#### WHAT NEEDS TO BE DONE
Where an entry below contains an image, skip the image and copy the rest exactly.

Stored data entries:
┌──
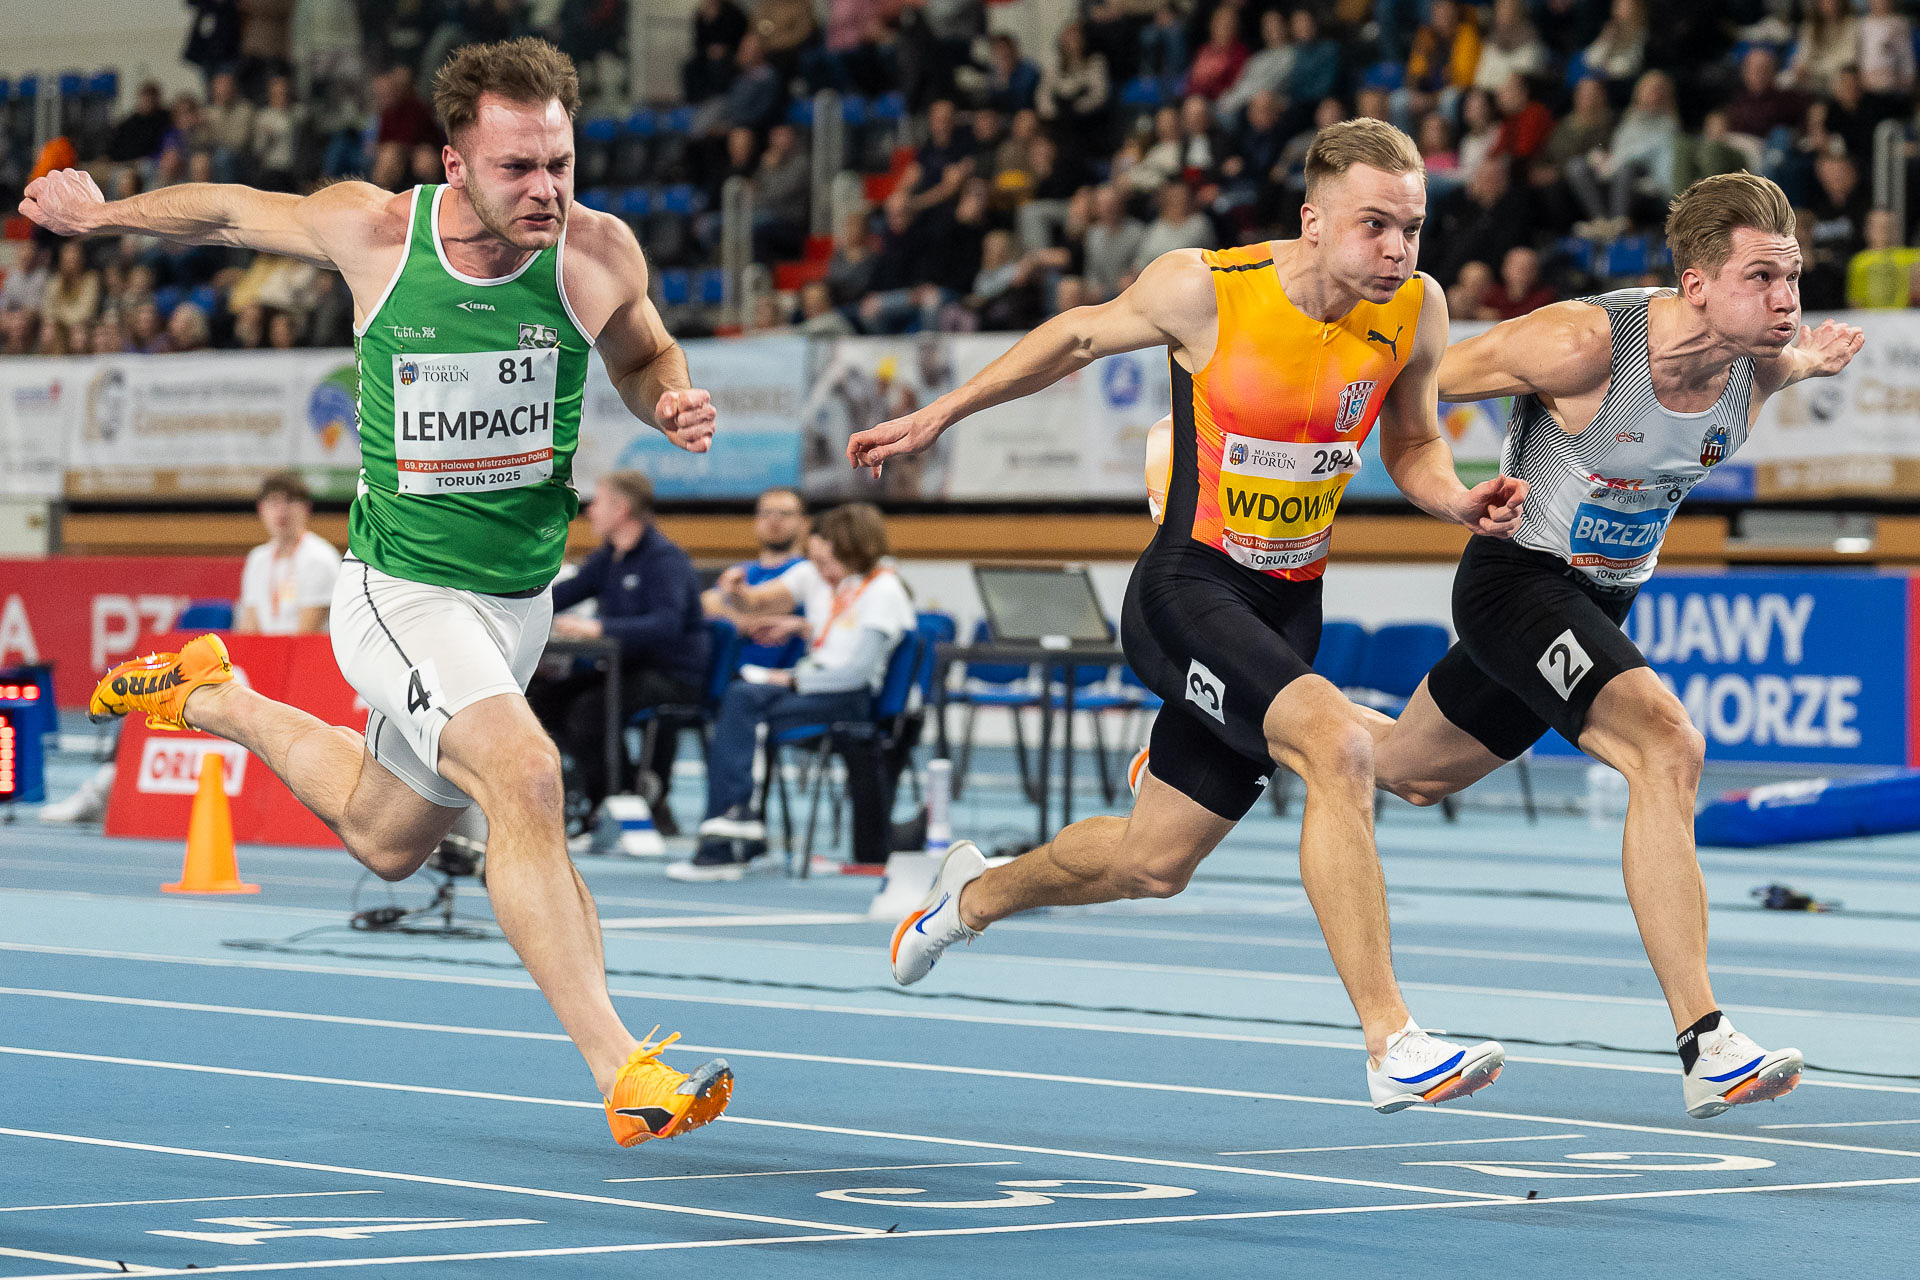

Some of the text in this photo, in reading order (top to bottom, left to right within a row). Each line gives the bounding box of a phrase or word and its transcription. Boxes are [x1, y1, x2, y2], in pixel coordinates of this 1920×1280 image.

[422, 369, 469, 382] TORUŃ
[498, 357, 536, 384] 81
[402, 402, 549, 441] LEMPACH
[404, 450, 549, 471] 69. PZLA Halowe Mistrzostwa Polski
[1251, 455, 1296, 470] TORUŃ
[1254, 449, 1288, 458] MIASTO
[1310, 449, 1354, 474] 284
[436, 471, 521, 487] TORUŃ 2025
[1226, 485, 1342, 524] WDOWIK
[1250, 550, 1313, 565] TORUŃ 2025
[1548, 642, 1585, 690] 2
[112, 663, 190, 697] NITRO
[408, 669, 432, 715] 4
[1189, 672, 1220, 711] 3
[1399, 1151, 1777, 1178] 2
[816, 1179, 1198, 1208] 3
[144, 1216, 548, 1245] 4
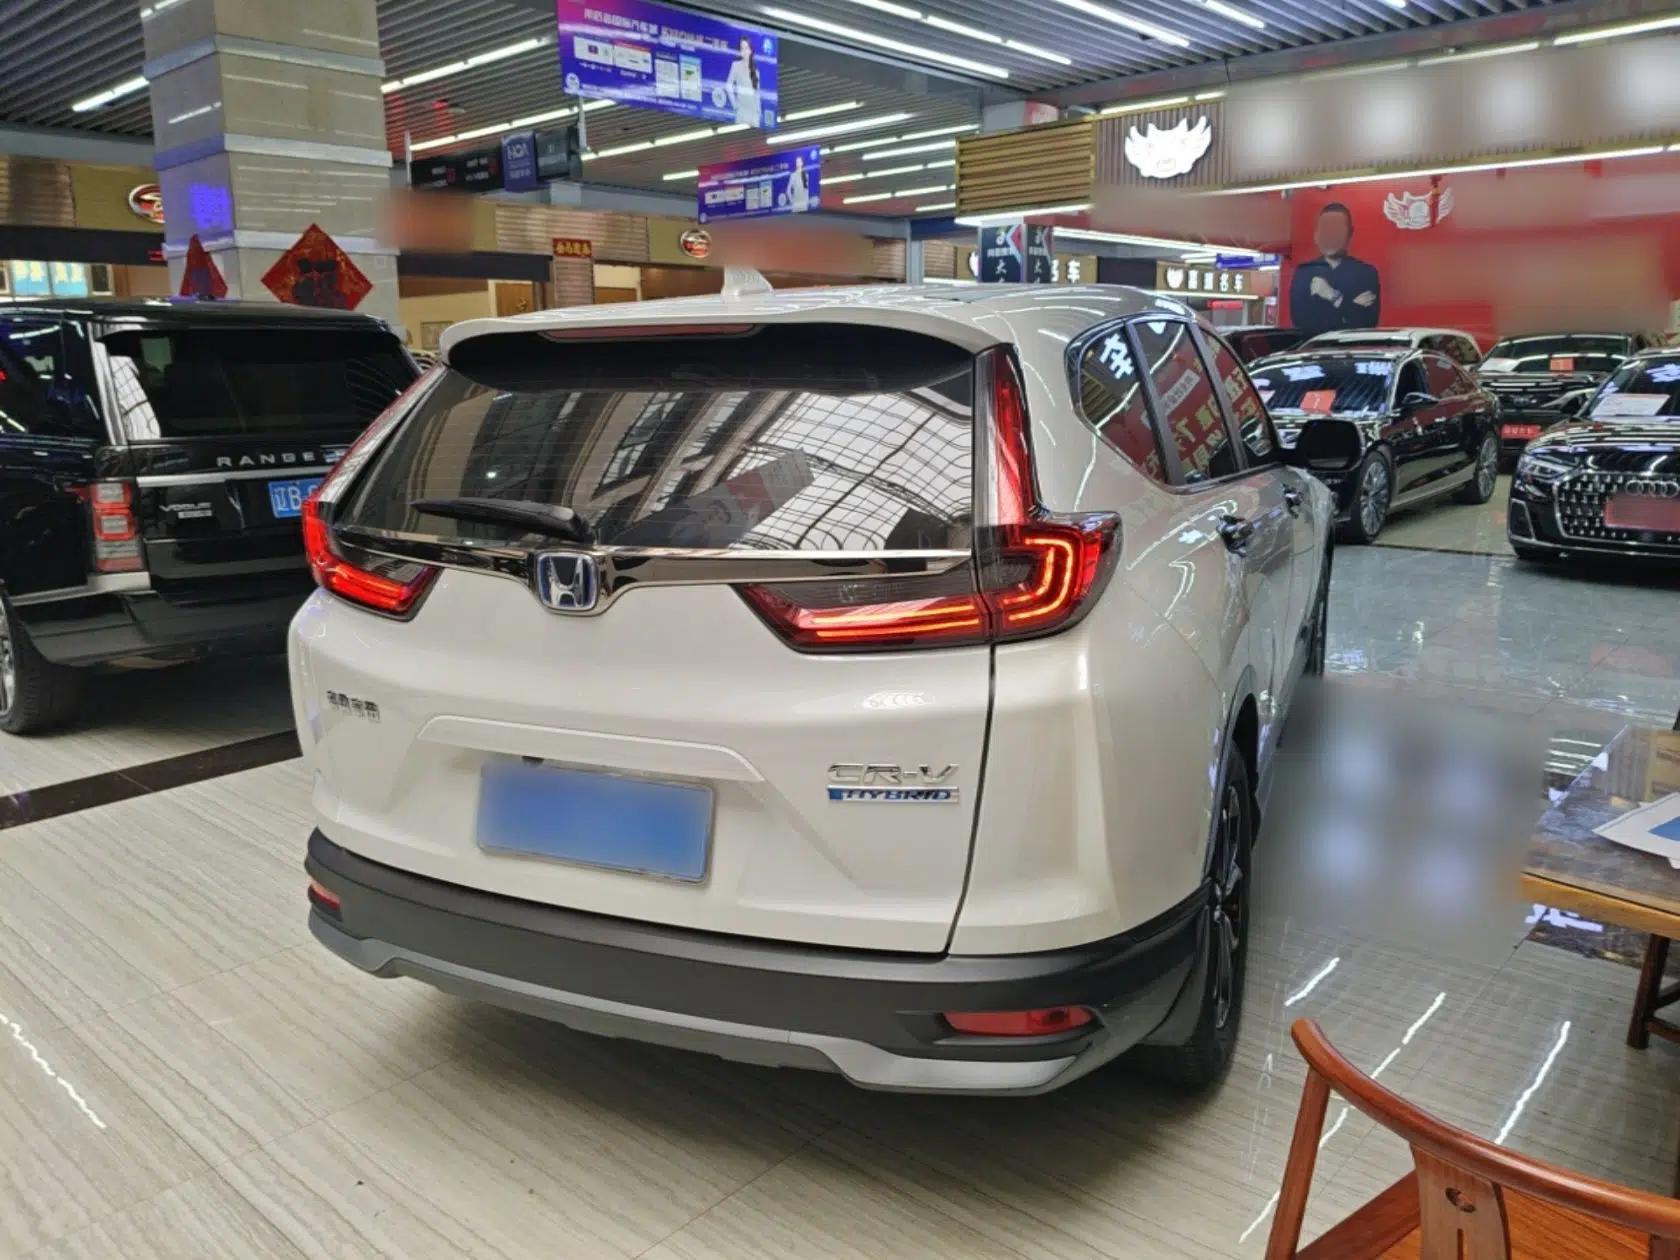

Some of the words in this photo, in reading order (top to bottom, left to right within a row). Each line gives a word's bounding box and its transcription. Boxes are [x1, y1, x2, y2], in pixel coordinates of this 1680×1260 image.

[216, 451, 316, 467] RANGE
[827, 762, 960, 785] CR-V
[842, 788, 953, 802] HYBRID
└──
#### EXERCISE RESPONSE
Some of the text in this photo, in reading order (top to bottom, left to right within a row). Each line gives the bounding box of a phrase or word and its transcription. Boxes are [x1, y1, x2, y2], in pixel coordinates of this 1920×1280 image.

[422, 369, 469, 382] TORUŃ
[498, 357, 536, 384] 81
[402, 402, 549, 441] LEMPACH
[404, 450, 549, 471] 69. PZLA Halowe Mistrzostwa Polski
[1251, 455, 1296, 470] TORUŃ
[1254, 449, 1288, 458] MIASTO
[1310, 449, 1354, 474] 284
[436, 471, 521, 487] TORUŃ 2025
[1226, 485, 1342, 524] WDOWIK
[1250, 550, 1313, 565] TORUŃ 2025
[1548, 642, 1585, 690] 2
[112, 663, 190, 697] NITRO
[408, 669, 432, 715] 4
[1189, 672, 1220, 711] 3
[1399, 1151, 1777, 1178] 2
[816, 1179, 1198, 1208] 3
[144, 1216, 548, 1245] 4

Some of the words in this photo, in reading order (top to bottom, left to right within a row). Each line gives a word's bounding box and its transcription. Boxes are [x1, y1, x2, y2], in pixel coordinates of this 1680×1260 image.

[216, 451, 316, 467] RANGE
[827, 762, 960, 785] CR-V
[842, 788, 953, 802] HYBRID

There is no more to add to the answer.